Glossary

SQL

SQL (Structured Query Language) is the standard language for interacting with relational databases. It's used to query data (SELECT), insert records (INSERT), update records (UPDATE), delete records (DELETE), and define schemas (CREATE TABLE).

Explanation

SQL operates on tables (relations) composed of rows and columns. Every query returns a result set. The four core operations are: SELECT (retrieve data, with filtering via WHERE, sorting via ORDER BY, grouping via GROUP BY), INSERT (add new rows), UPDATE (modify existing rows), and DELETE (remove rows). These are called DML (Data Manipulation Language). DDL (Data Definition Language) defines schema: CREATE TABLE, ALTER TABLE, DROP TABLE. SQL's power comes from: JOINs (combine data from multiple tables based on related columns — INNER JOIN, LEFT JOIN, RIGHT JOIN, FULL OUTER JOIN), aggregates (COUNT, SUM, AVG, MIN, MAX with GROUP BY and HAVING), subqueries (queries nested inside queries), and window functions (aggregate over a subset of rows with OVER (PARTITION BY... ORDER BY...)). Indexes dramatically speed up queries by creating sorted auxiliary structures. A query on an unindexed column requires a full table scan (O(n)). With an index, the database uses a B-tree for O(log n) lookups. The trade-off: indexes speed up reads but slow down writes (the index must be updated on every INSERT/UPDATE/DELETE). SQL dialects: PostgreSQL (open source, most feature-rich, best for new projects), MySQL/MariaDB (widely deployed, solid for web apps), SQLite (serverless, file-based, excellent for development/testing and embedded apps), Microsoft SQL Server, and Oracle. The core SQL syntax is standard; each dialect adds its own extensions.

Code Example

sql
-- SQL fundamentals

-- SELECT with filtering, sorting, limiting
SELECT id, name, email, created_at
FROM users
WHERE active = true AND created_at > '2024-01-01'
ORDER BY created_at DESC
LIMIT 10;

-- INNER JOIN: users with their order count
SELECT u.name, COUNT(o.id) AS order_count, SUM(o.total) AS revenue
FROM users u
INNER JOIN orders o ON u.id = o.user_id
WHERE o.status = 'completed'
GROUP BY u.id, u.name
HAVING COUNT(o.id) > 5
ORDER BY revenue DESC;

-- LEFT JOIN: users even if they have no orders
SELECT u.name, COALESCE(COUNT(o.id), 0) AS order_count
FROM users u
LEFT JOIN orders o ON u.id = o.user_id
GROUP BY u.id, u.name;

-- Window function: rank users by revenue within each region
SELECT name, region, revenue,
  RANK() OVER (PARTITION BY region ORDER BY revenue DESC) AS rank
FROM user_stats;

-- Parameterized query (prevent SQL injection)
-- In Node.js with pg:
-- await db.query('SELECT * FROM users WHERE id = $1', [userId]);
-- In MySQL: 'SELECT * FROM users WHERE id = ?', [userId]

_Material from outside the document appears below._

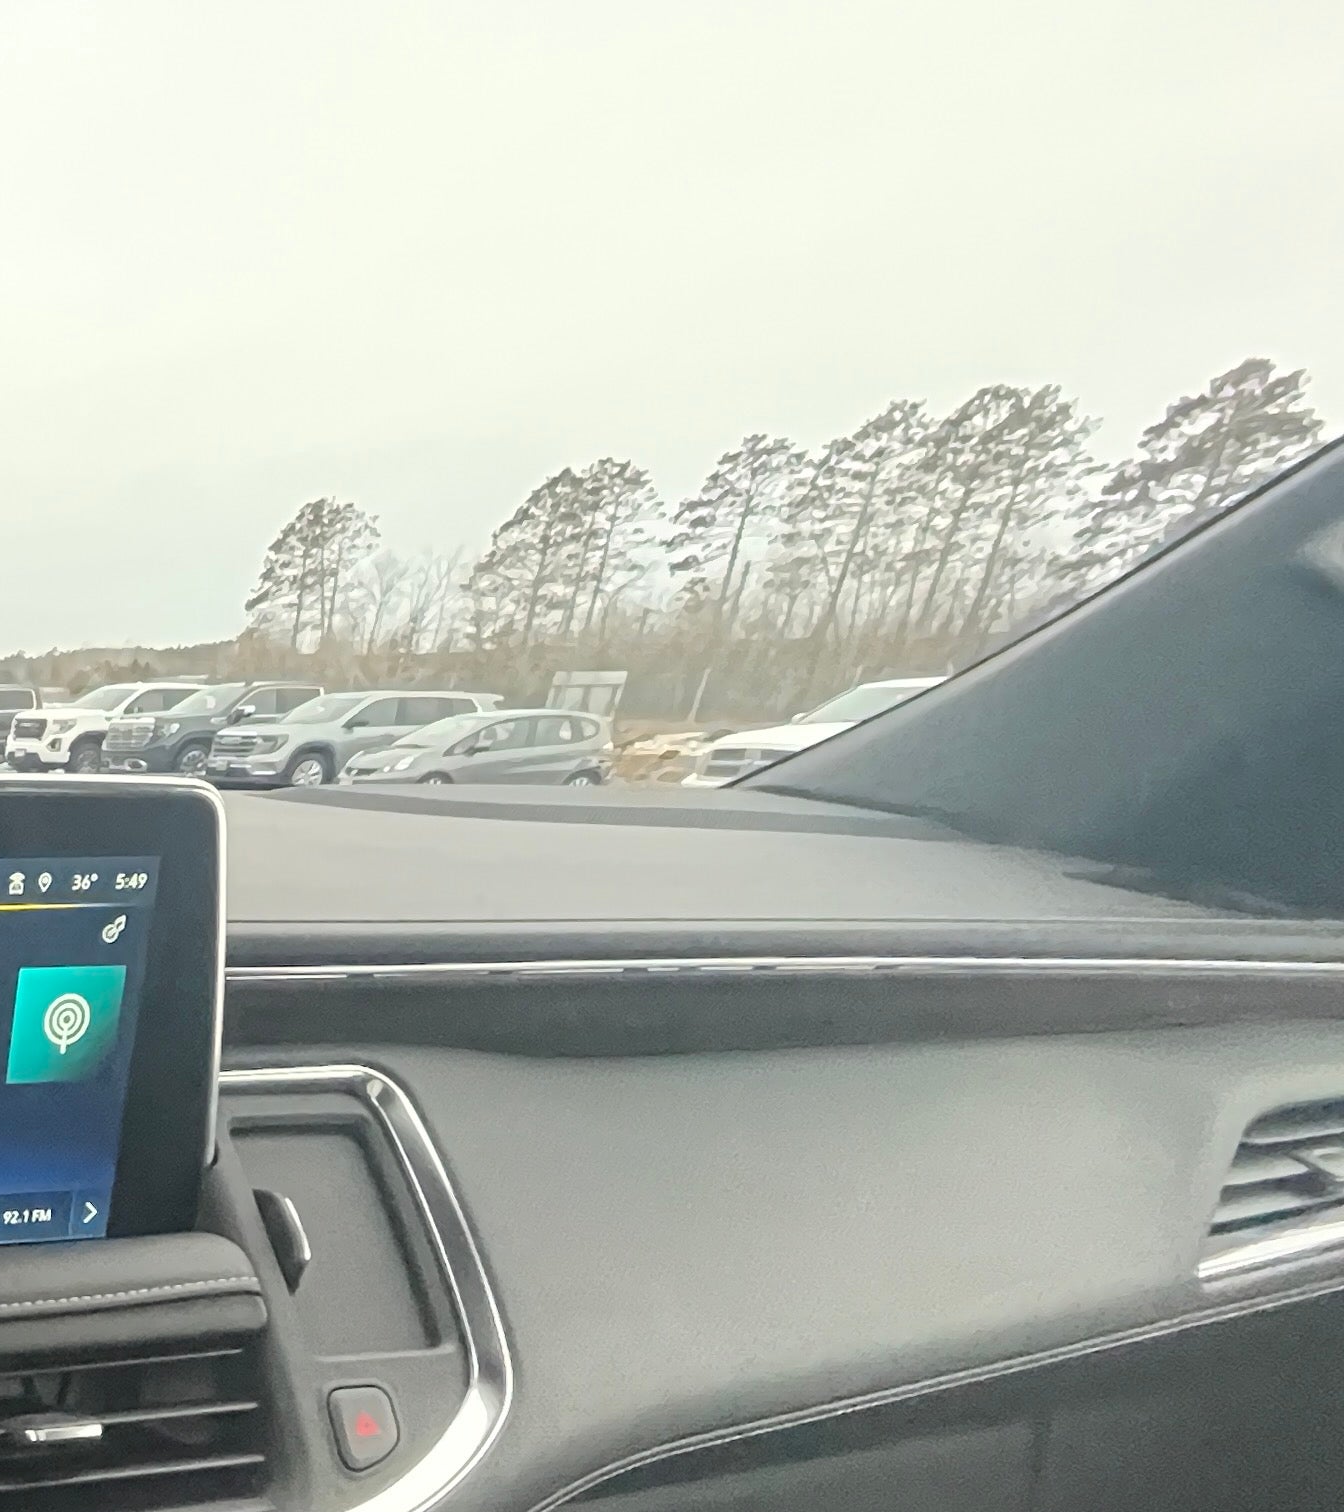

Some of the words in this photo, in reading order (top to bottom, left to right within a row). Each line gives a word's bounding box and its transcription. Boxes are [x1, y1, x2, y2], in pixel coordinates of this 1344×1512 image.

[115, 872, 148, 891] 5:49
[3, 1210, 29, 1225] 92.1
[31, 1208, 52, 1223] FM

Why It Matters for Engineers

SQL is the language of data. Every major application stores data in a relational database, and SQL is how you query it. Knowing SQL means you can understand and optimize your application's database queries, diagnose slow queries with EXPLAIN, write migrations, and answer data questions without waiting for a data analyst. SQL also demystifies what ORMs do: Sequelize, TypeORM, Prisma — they generate SQL. Knowing SQL means you can read the generated queries, add missing indexes, and optimize the queries your ORM produces.